A Multidisciplinary Bioimaging Platform for Quantitative Force Mapping in the Beating Heart

Physical forces are fundamental drivers of tissue-level biological processes.

Important questions remain unanswered about how subcellular forces drive the collective behaviour of the cell populations forming developing organs, and how this shapes overall architecture and function.

The heart is an extraordinary example of this complexity, where the cellular behaviours underpinning heart morphogenesis can only be understood if we can measure the tissue-level forces in the presence of cardiac contractile forces.

Progress is frustrated by the absence of any bioimaging technology with the performance and temporal resolution for direct quantitative imaging of intercellular forces in highly dynamic 3D environments such as the beating heart.
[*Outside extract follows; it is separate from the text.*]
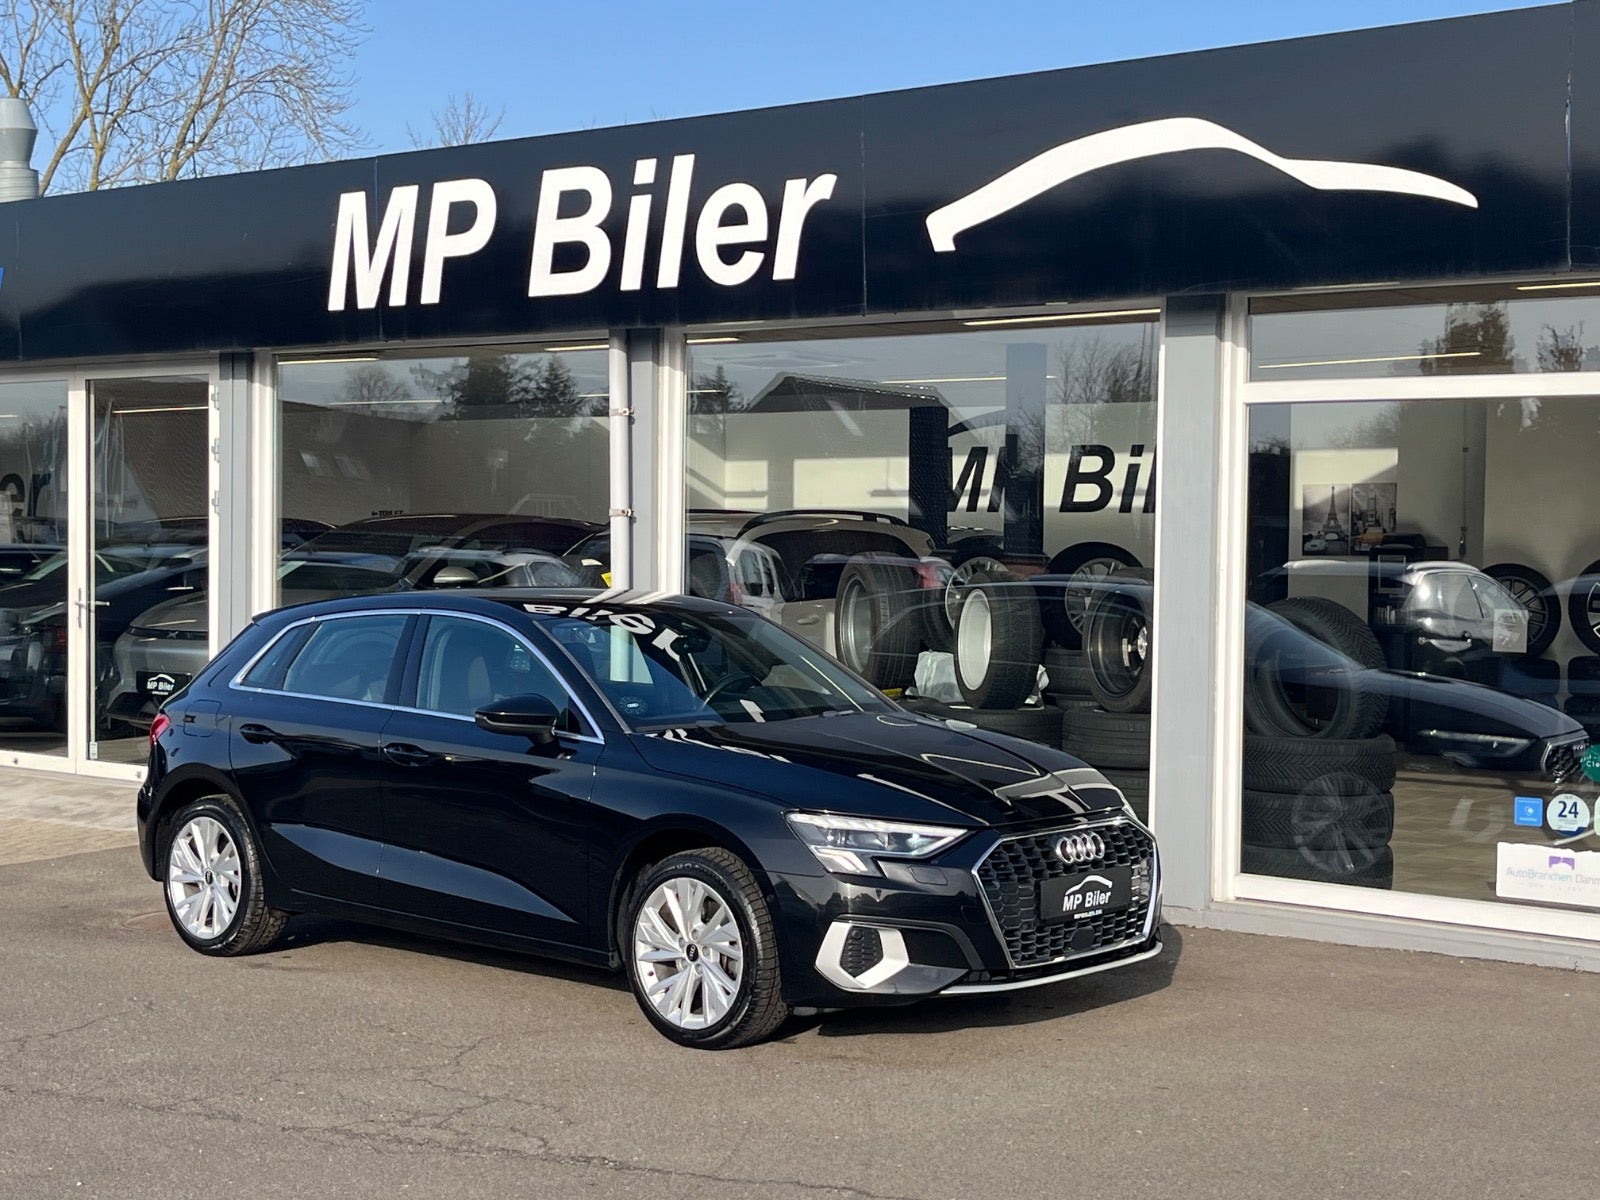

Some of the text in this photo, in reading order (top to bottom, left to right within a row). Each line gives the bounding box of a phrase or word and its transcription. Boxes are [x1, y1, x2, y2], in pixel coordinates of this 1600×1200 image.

However, with recent advances in several enabling technologies, we now foresee a route to this ambitious goal.

We propose a multidisciplinary bioimaging platform to map forces throughout the beating heart, in a live intact organism.

To achieve this we will research a novel optical and computational imaging approach for single-photon motion correction, delivering for the first time subcellular- resolution, whole-organ force imaging in vivo highly dynamic environments.

This will enable us to discern how the intercellular force landscape is modulated by contractile activity, tissue architecture and cell crowding – and understand the implications for cardiac development and disease.